In 2006, a pedophile-hunting gunman shot 24-year old William Elliot after he found William’s name on Maine’s online sex-offender registry. As William’s mom told Human Rights Watch, “Without the registry, he would still be alive today.” How did Elliot end up on the registry?  When he was 19, he had sex with his girlfriend three weeks before she turned 16, the age of consent in Maine. Sadly, William is not the only victim of this kind of violence. In the last decade, there were at least half a dozen documented vigilante murders of registered sex offenders and likely hundreds more cases of assault.

Publically available sex offender registries were never grounded in criminological evidence; instead, they emerged from knee-jerk reactions to well-reported tragedies of child rape and murder. Since their inception, little evidence has validated the efficacy of sex offender registries. Indeed, a 2011 study in the Journal of Law and Economics observed that states which require registry of sex offenders had slightly higher rates of recidivism among sex offenders and no lower rates of sex crime. On average, sex offender registry laws may increase the overall number of sex crimes by preventing the reintegration of sex offenders into society.

To be sure, these laws have ostracized sex offenders in a variety of ways. One 2005 study found that half of registered sex offenders said they had been harassed and 16% said they had been assaulted because their status was known to the public. Sex offenders frequently cannot find jobs or stable housing because employers and landlords refuse to be associated with them. Many family members of sex offenders report that they have lost friends or suffered from discrimination due to laws which automatically notify nearby residents of the presence of sex offenders.
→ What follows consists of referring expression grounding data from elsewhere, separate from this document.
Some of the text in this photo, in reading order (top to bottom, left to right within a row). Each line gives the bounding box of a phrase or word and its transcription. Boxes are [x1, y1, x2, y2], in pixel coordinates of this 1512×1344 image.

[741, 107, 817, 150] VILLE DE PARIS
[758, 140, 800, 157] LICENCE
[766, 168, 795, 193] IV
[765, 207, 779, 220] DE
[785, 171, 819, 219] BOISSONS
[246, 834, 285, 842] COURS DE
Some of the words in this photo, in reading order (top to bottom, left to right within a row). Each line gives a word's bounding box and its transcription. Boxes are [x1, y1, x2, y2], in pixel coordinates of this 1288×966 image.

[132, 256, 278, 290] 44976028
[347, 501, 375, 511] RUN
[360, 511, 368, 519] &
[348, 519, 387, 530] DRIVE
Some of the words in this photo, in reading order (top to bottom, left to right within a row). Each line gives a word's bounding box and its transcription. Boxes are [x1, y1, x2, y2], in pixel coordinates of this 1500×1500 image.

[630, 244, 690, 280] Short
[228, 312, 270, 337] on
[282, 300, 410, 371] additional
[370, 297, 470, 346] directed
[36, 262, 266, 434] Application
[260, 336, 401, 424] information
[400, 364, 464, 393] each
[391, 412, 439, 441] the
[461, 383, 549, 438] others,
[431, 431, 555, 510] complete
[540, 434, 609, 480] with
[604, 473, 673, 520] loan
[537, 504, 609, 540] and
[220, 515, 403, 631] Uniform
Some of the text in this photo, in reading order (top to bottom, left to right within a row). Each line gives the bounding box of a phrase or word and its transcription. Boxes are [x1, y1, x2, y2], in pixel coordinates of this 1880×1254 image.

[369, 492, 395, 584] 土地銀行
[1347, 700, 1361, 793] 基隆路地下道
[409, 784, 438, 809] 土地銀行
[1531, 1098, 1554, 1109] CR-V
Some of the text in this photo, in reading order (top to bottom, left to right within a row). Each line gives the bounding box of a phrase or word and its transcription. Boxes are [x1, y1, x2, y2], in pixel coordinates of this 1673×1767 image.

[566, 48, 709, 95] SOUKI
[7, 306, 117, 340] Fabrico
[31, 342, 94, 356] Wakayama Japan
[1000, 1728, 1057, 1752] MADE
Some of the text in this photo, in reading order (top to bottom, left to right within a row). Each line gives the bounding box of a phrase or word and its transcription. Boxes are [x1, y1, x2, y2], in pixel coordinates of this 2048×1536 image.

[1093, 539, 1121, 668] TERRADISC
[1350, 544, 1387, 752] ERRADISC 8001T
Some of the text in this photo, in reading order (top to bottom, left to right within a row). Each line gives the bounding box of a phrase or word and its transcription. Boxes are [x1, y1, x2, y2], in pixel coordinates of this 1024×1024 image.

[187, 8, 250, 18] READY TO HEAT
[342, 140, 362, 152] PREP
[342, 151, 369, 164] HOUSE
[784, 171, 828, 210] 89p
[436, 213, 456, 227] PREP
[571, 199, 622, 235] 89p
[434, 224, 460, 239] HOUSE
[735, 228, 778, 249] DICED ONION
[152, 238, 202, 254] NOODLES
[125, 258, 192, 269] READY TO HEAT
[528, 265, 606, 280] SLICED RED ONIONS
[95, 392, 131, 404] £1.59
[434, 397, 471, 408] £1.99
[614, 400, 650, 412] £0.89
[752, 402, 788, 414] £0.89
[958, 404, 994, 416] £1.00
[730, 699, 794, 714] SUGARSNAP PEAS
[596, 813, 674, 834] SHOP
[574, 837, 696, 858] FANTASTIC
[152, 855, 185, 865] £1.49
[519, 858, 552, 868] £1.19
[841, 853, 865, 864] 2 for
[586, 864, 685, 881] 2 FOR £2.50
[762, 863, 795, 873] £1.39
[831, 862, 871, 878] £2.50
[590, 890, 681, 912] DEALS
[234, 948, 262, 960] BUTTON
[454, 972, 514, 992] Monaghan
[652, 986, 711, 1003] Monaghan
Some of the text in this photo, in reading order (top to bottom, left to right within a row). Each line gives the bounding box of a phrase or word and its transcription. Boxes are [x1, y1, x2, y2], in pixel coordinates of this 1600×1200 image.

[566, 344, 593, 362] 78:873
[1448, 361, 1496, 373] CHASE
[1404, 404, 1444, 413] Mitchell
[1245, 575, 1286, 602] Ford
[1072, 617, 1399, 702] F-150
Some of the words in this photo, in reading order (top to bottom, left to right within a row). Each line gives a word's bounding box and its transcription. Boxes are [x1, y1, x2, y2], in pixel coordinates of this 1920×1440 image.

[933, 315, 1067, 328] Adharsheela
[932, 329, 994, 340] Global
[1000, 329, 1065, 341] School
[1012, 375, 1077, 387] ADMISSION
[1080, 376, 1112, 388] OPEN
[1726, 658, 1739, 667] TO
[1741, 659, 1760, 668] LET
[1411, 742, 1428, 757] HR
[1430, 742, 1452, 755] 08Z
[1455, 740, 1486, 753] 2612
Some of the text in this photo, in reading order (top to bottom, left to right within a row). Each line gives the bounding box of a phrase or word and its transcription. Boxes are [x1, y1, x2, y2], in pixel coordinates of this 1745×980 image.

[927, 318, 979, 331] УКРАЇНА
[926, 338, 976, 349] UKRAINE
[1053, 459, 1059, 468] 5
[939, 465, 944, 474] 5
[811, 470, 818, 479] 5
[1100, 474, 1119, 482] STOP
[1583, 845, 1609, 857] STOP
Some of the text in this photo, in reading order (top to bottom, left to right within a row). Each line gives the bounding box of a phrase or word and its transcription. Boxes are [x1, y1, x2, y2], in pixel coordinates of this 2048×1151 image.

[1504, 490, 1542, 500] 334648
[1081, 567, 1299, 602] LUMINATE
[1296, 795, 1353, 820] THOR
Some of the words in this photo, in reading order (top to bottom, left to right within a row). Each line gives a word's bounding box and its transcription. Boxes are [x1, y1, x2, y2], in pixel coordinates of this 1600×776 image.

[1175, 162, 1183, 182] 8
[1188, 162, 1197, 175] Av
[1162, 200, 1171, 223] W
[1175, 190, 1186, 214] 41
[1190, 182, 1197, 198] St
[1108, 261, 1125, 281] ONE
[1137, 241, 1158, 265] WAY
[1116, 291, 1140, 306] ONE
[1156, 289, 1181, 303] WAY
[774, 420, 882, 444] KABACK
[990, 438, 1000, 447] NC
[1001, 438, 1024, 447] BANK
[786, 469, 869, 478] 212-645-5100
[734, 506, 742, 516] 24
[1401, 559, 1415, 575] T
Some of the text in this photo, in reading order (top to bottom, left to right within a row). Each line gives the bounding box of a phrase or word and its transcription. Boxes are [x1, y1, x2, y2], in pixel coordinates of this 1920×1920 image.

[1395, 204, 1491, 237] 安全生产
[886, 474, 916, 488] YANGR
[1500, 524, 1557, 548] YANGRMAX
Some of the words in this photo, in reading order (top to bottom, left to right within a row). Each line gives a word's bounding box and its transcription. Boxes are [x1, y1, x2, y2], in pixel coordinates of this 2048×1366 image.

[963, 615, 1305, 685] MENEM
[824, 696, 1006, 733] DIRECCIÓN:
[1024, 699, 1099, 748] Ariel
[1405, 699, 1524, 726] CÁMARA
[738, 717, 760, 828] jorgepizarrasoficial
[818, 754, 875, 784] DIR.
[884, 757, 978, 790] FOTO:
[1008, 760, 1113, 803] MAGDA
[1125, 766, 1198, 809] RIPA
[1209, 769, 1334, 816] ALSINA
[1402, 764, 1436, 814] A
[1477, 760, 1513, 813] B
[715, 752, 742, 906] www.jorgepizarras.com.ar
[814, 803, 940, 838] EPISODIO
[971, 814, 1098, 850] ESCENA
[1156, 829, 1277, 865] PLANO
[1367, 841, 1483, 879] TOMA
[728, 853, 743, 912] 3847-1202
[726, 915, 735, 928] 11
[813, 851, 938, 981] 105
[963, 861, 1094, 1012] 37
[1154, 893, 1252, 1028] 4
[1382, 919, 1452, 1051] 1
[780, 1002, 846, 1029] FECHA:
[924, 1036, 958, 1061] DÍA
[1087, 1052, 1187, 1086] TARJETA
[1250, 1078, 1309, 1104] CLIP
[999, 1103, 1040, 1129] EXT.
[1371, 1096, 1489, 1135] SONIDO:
At least 38 states put restrictions on where offenders can live; one consequence this is that many former offenders end up homeless. In California, a state report documented a 750 percent increase in the number of homeless sex offenders following the implementation of residency restrictions.

Sex offender registries also impose unintended harms on the children of sex offenders (who, of course, have committed no crime at all). A 2009 study in the American Journal of Criminal Justice noted that the children of registered sex offenders suffered from pervasive stigmatization due to their parent’s sex offender status; the harassment, ridicule, and isolation these children received from their peers due to their parent’s status resulted in them having elevated rates of anxiety, depression, and suicidal tendencies. Hence, the existence of publically available sex offender registries—created pretty much for the sake of protecting children—is actually harming thousands of innocent kids by punishing them for acts they had nothing to do with.

Moreover, in many states, the sorts of menacing crime it takes to become branded as sex offender (for life in California and three other states) can include things like public urination, flashing, or consensual sex between a seventeen year old and a fifteen year old. Even teen sexting, which is considered possession of child pornography even if the possessor is a minor with a picture of a significant other, has resulted in teens ending up on a sex offender registry. Since many states bar registered sex offenders from being within a certain distance of schools, this has had the nonsensical result that teens physically cannot attend school. In almost every state, being on a sex offender registry for teenage sexting is nearly indistinguishable from being on the registry for child molestation.

Fear is a powerful and important driver of human behavior. However, fear can result in misguided policies that exacerbate the problems they were crafted to solve. Public sex offender registries in their current form embody a clear triumph of fear mongering over sound judgment. America could do with their abolition.